Without the pictures, restate all of the data below word for word.
*** ENTRIES PROVIDED Section Begins ***
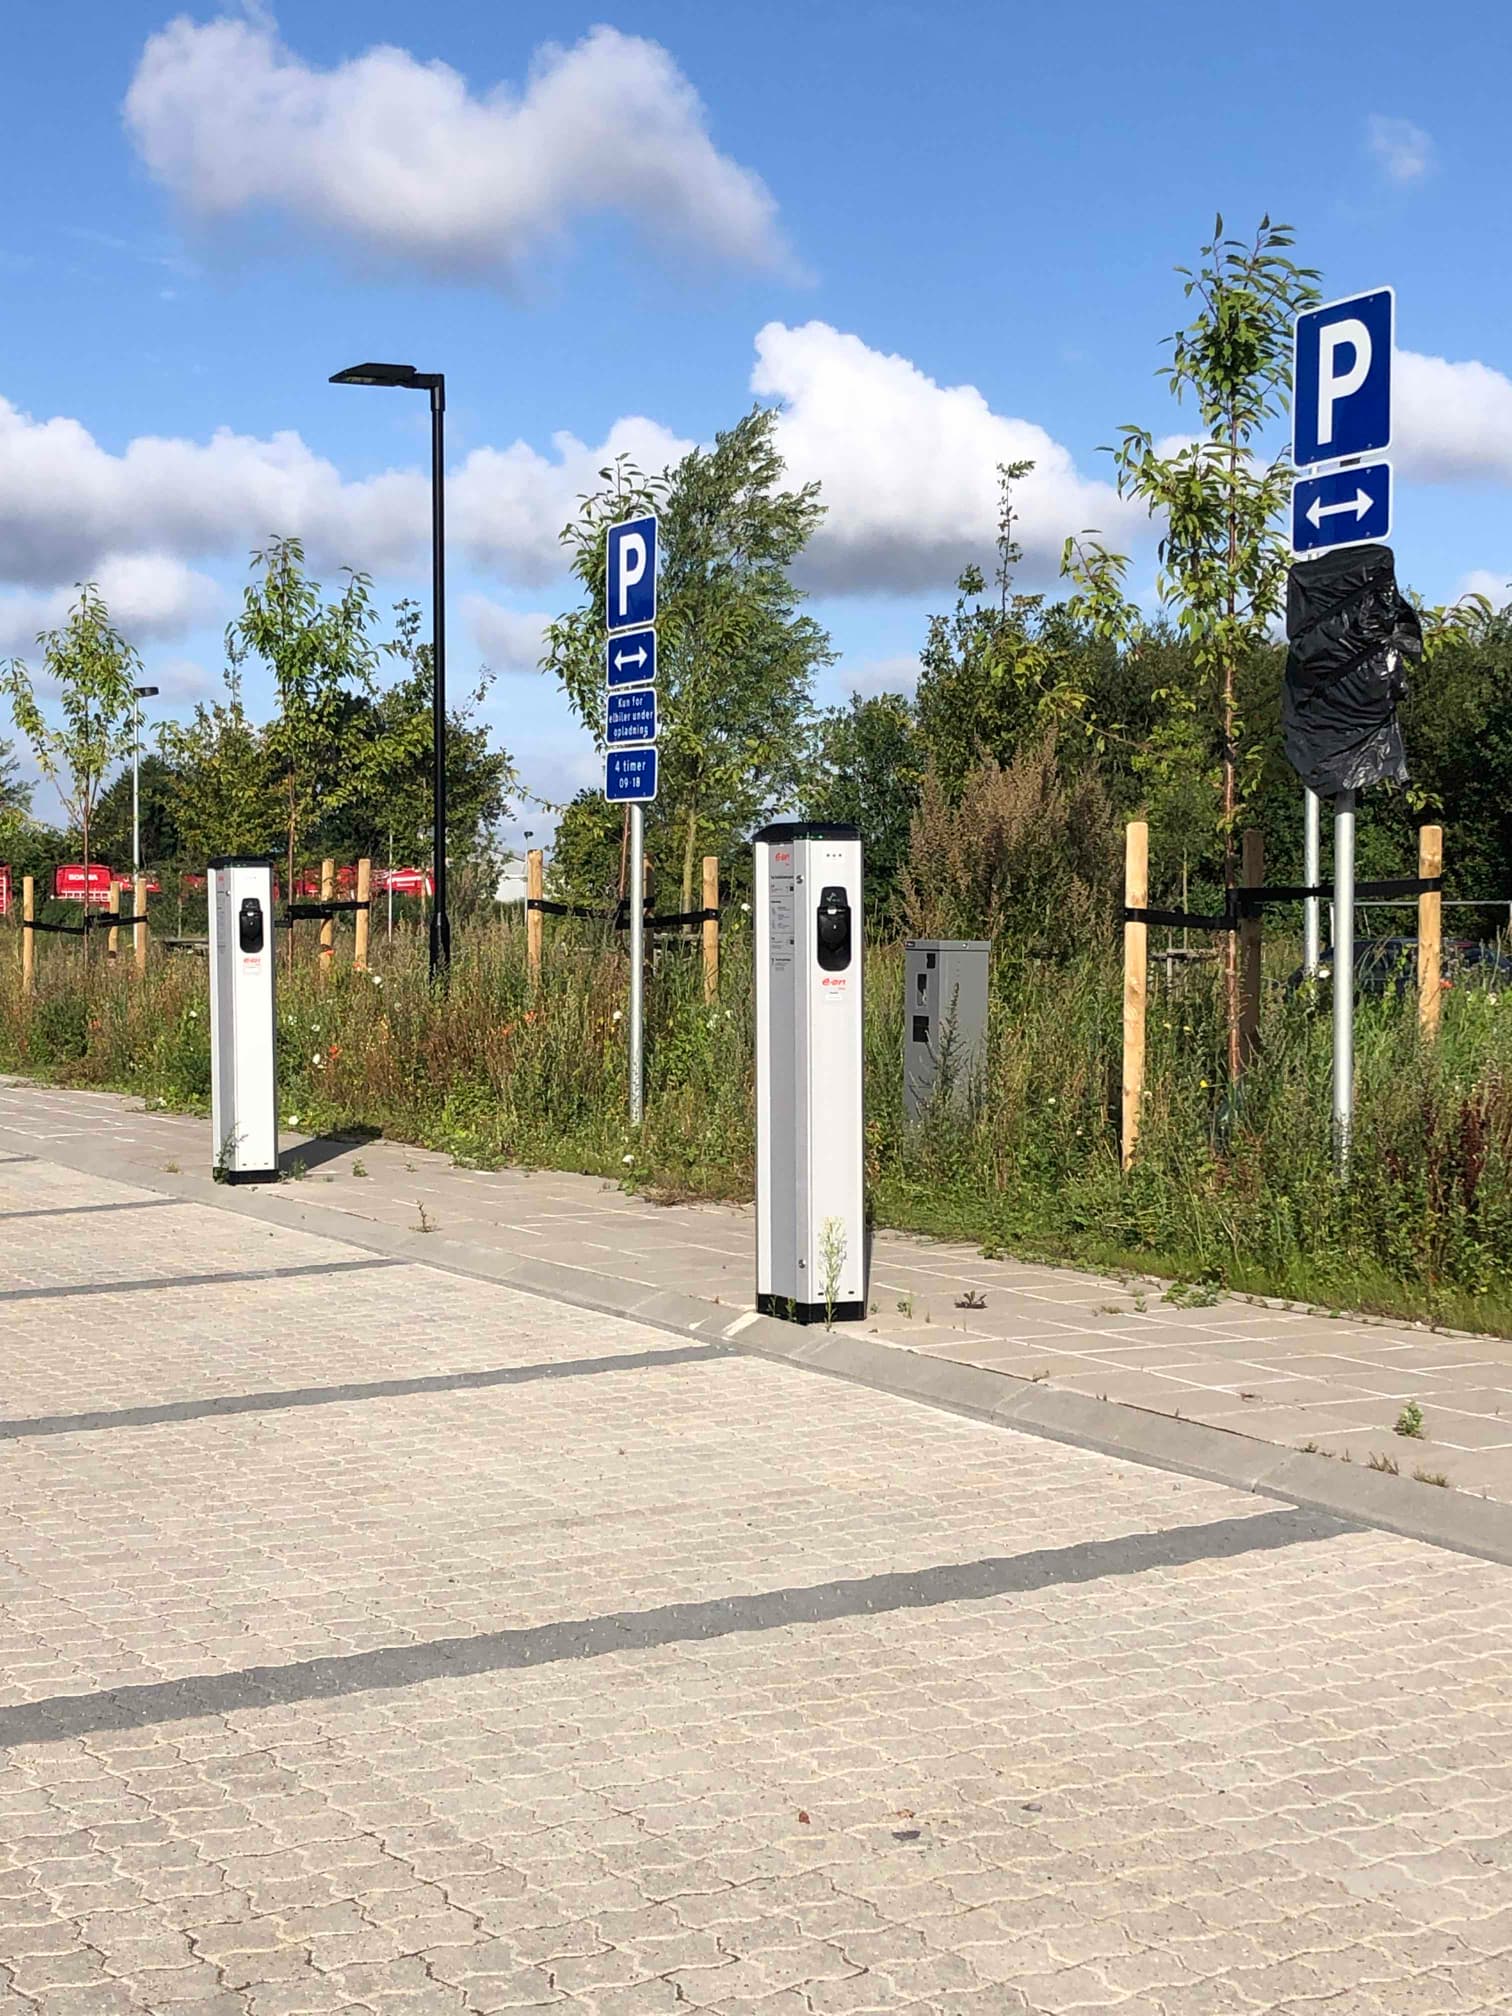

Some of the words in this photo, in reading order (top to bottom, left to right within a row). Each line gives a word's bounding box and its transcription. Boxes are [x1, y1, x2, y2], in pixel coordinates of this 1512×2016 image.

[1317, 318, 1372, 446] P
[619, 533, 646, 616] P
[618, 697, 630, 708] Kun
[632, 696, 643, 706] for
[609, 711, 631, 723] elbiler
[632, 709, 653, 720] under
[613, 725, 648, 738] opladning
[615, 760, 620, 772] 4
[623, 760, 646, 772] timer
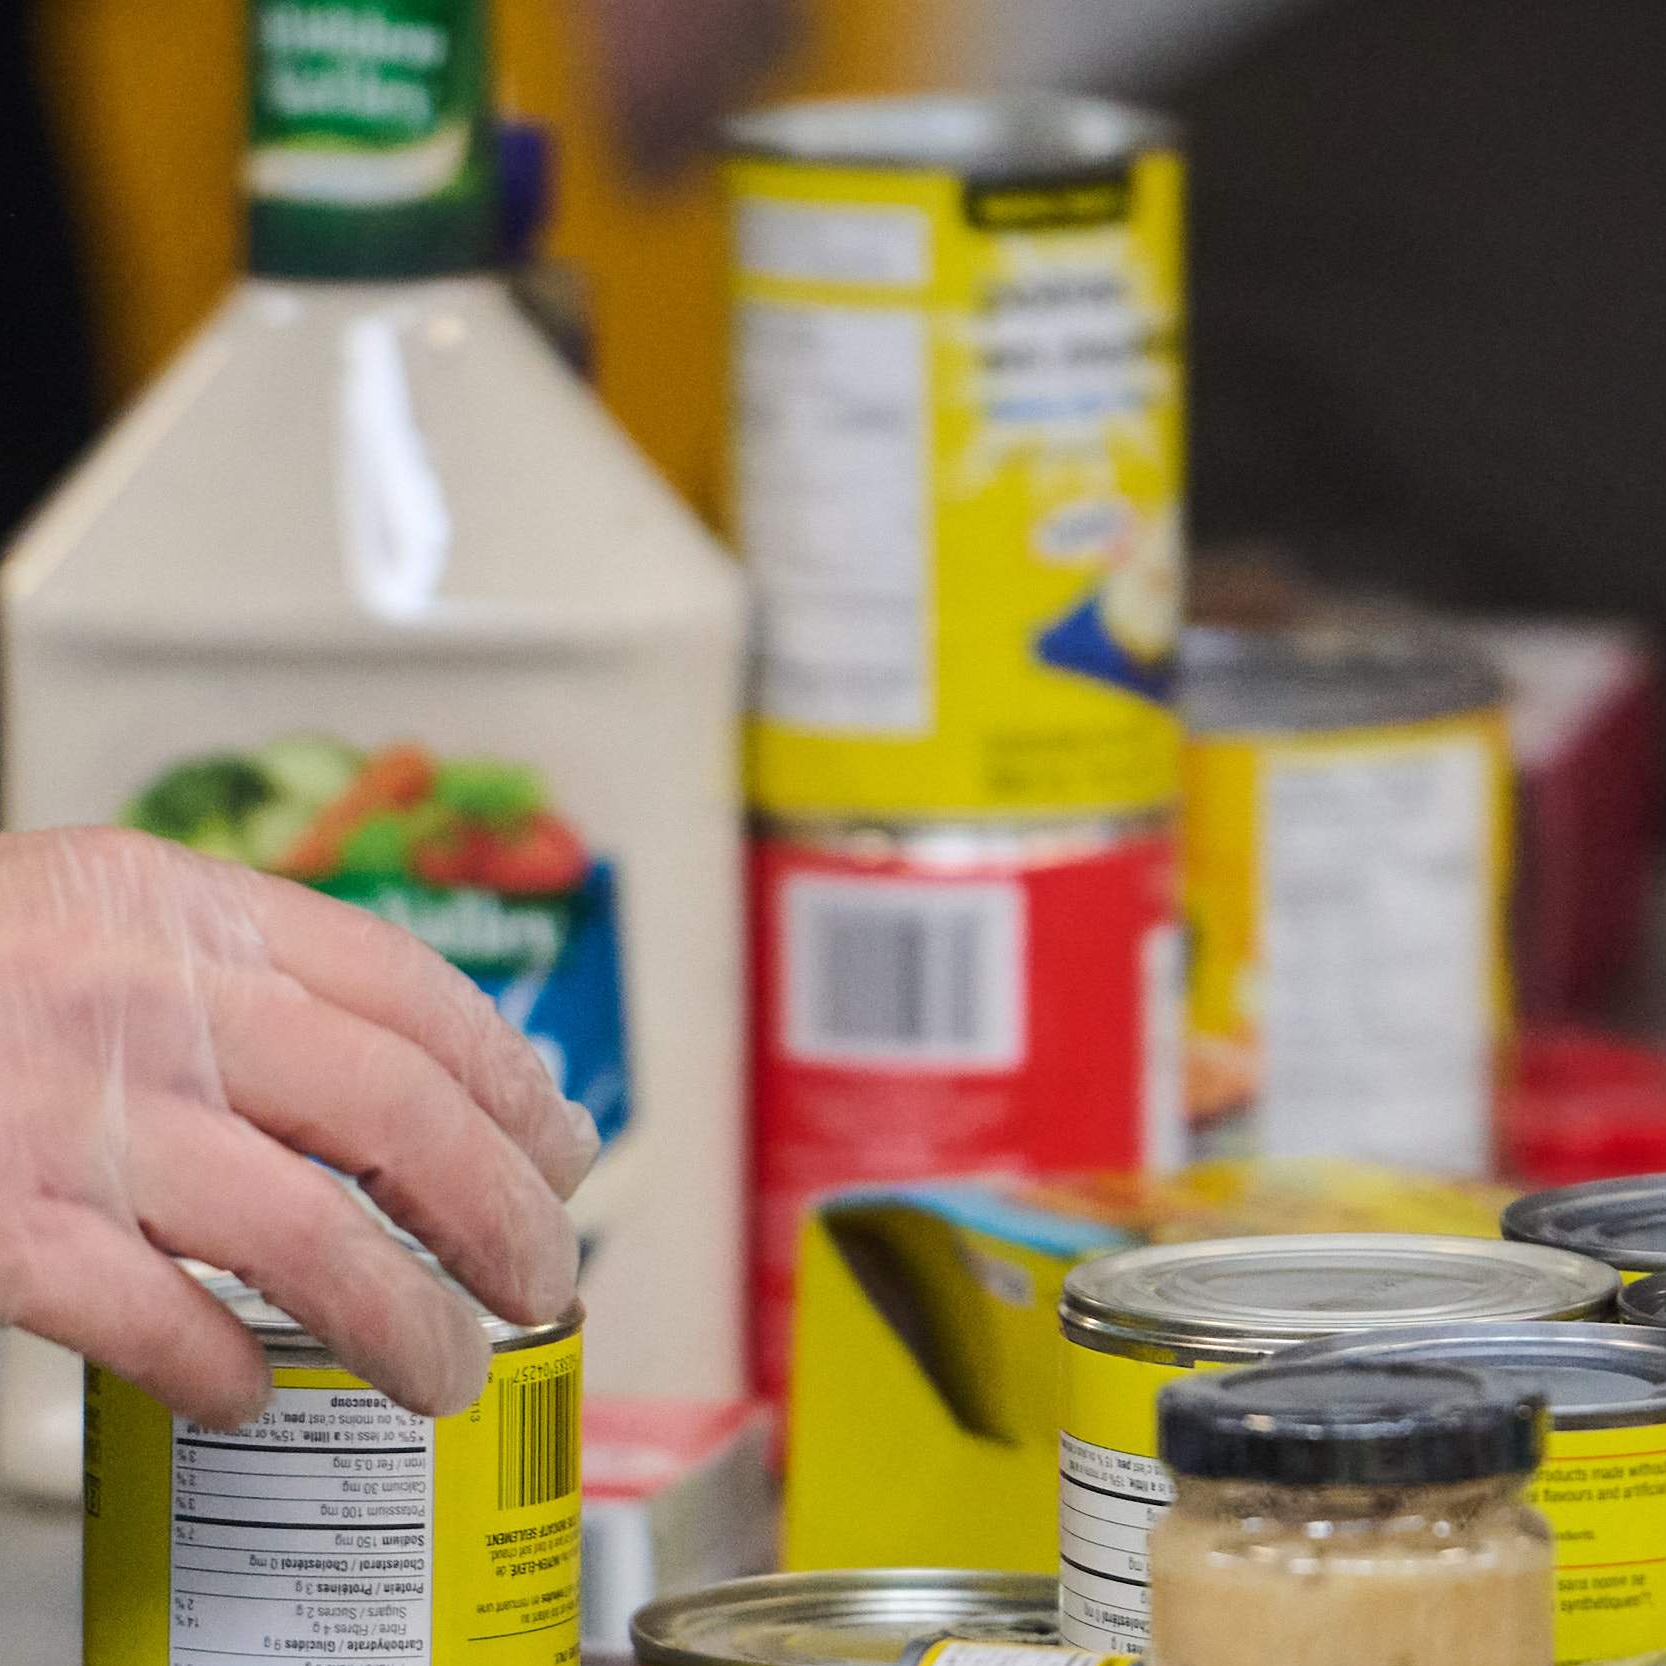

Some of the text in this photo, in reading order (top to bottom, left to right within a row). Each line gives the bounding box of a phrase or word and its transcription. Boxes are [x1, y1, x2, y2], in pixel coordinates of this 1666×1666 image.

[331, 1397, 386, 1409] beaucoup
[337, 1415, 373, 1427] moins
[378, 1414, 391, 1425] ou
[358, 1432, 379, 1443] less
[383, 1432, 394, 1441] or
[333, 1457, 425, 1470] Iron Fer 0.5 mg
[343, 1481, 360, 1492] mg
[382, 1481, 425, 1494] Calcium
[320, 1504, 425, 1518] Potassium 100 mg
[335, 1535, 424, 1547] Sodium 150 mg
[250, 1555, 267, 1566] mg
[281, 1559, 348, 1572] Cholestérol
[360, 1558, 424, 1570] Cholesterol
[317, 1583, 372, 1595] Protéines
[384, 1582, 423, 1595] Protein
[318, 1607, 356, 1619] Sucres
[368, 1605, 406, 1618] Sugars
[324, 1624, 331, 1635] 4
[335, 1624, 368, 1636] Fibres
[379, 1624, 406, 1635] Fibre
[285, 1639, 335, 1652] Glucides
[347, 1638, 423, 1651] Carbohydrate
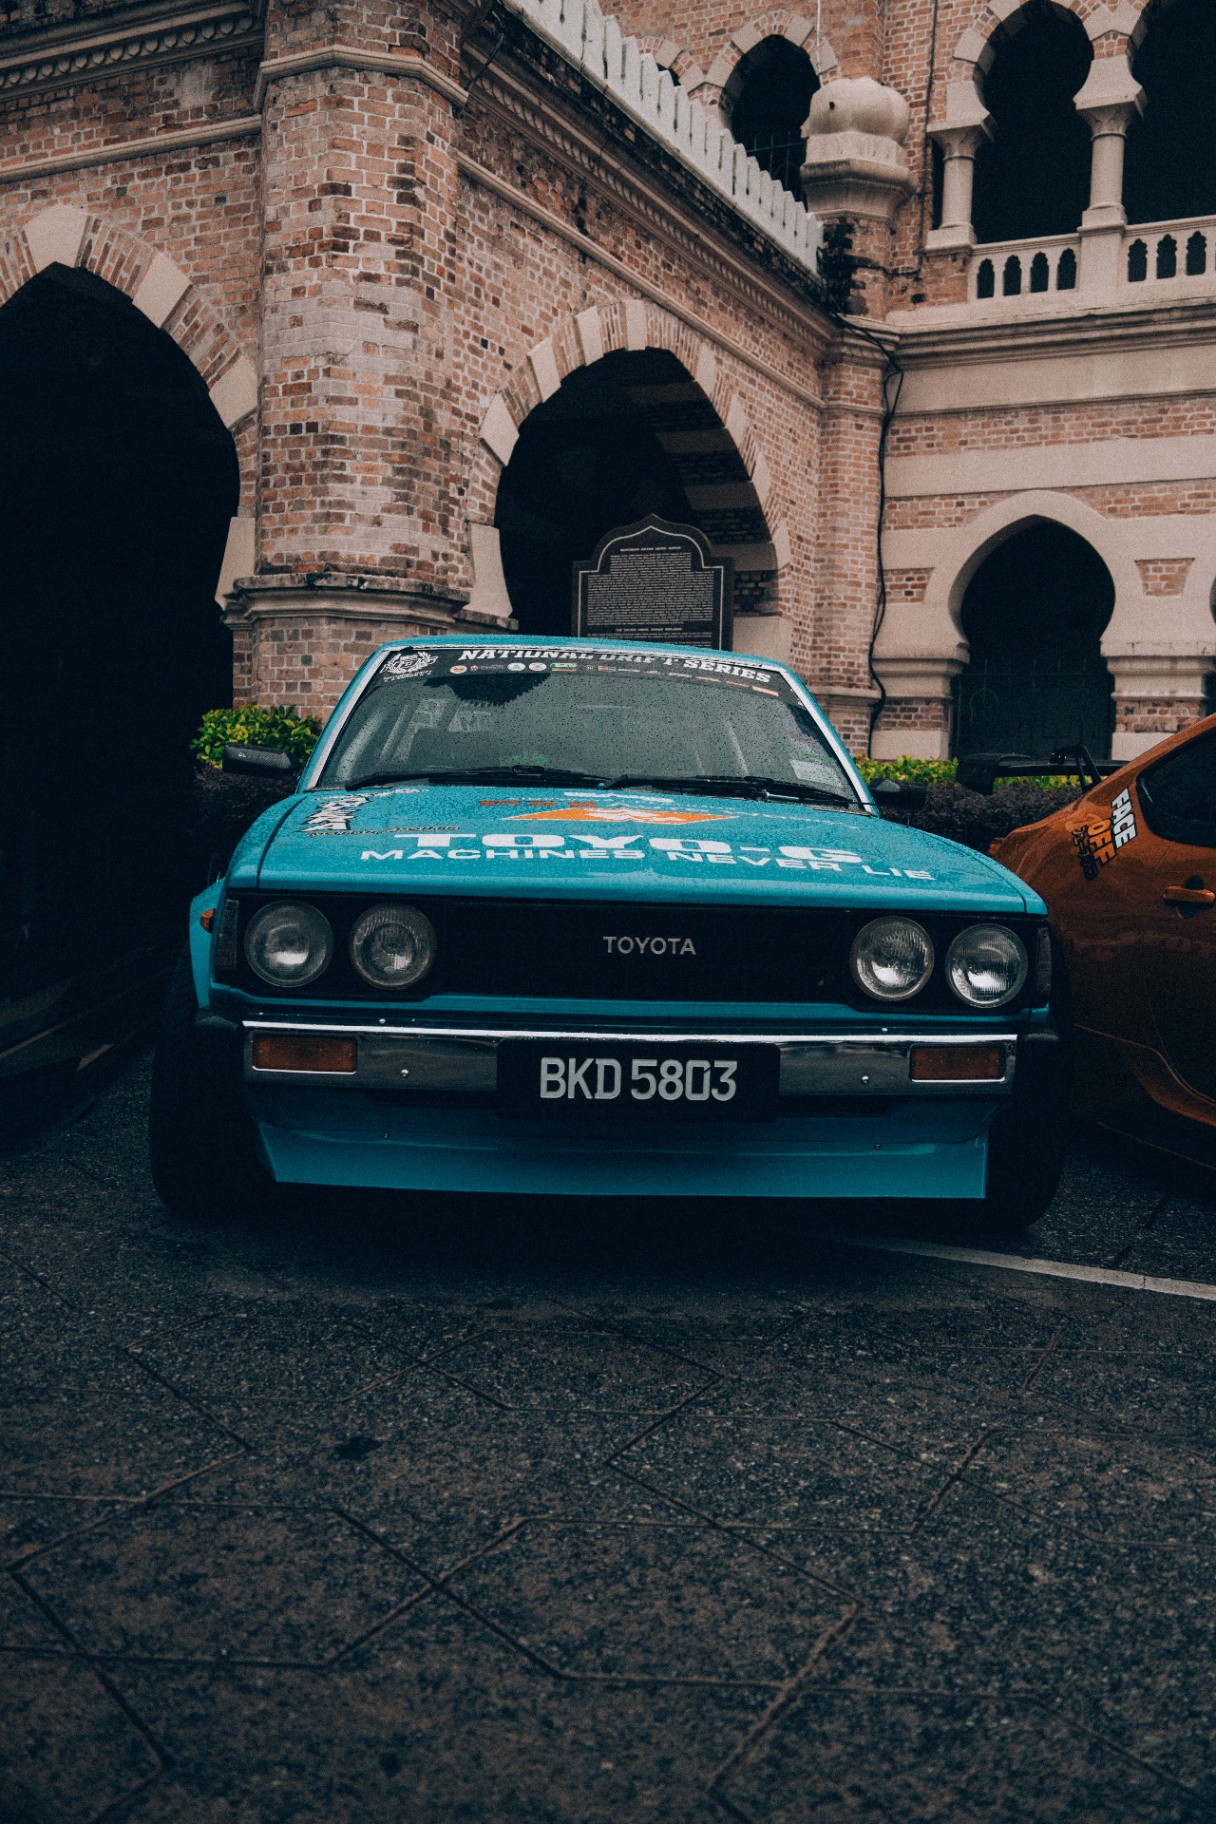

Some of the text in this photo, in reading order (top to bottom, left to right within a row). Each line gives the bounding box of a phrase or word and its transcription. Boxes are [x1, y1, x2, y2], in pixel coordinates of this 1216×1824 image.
*** ENTRIES PROVIDED Section Ends ***
→ EXERCISE SOLUTION:
Some of the words in this photo, in reading order (top to bottom, left to right within a row). Each line gives a word's bounding box and its transcription. Boxes are [x1, y1, x2, y2], in pixel coordinates of this 1512×2016 image.

[1317, 318, 1372, 446] P
[619, 533, 646, 616] P
[618, 697, 630, 708] Kun
[632, 696, 643, 706] for
[609, 711, 631, 723] elbiler
[632, 709, 653, 720] under
[613, 725, 648, 738] opladning
[615, 760, 620, 772] 4
[623, 760, 646, 772] timer

Some of the text in this photo, in reading order (top to bottom, left to right within a row). Each line gives the bounding box of a phrase or word and its transcription. Boxes are [x1, y1, x2, y2], in pixel coordinates of this 1666×1666 image.

[331, 1397, 386, 1409] beaucoup
[337, 1415, 373, 1427] moins
[378, 1414, 391, 1425] ou
[358, 1432, 379, 1443] less
[383, 1432, 394, 1441] or
[333, 1457, 425, 1470] Iron Fer 0.5 mg
[343, 1481, 360, 1492] mg
[382, 1481, 425, 1494] Calcium
[320, 1504, 425, 1518] Potassium 100 mg
[335, 1535, 424, 1547] Sodium 150 mg
[250, 1555, 267, 1566] mg
[281, 1559, 348, 1572] Cholestérol
[360, 1558, 424, 1570] Cholesterol
[317, 1583, 372, 1595] Protéines
[384, 1582, 423, 1595] Protein
[318, 1607, 356, 1619] Sucres
[368, 1605, 406, 1618] Sugars
[324, 1624, 331, 1635] 4
[335, 1624, 368, 1636] Fibres
[379, 1624, 406, 1635] Fibre
[285, 1639, 335, 1652] Glucides
[347, 1638, 423, 1651] Carbohydrate

Some of the text in this photo, in reading order (top to bottom, left to right within a row). Each line gives the bounding box of a phrase or word and its transcription. Boxes are [x1, y1, x2, y2], in pixel coordinates of this 1216×1824 image.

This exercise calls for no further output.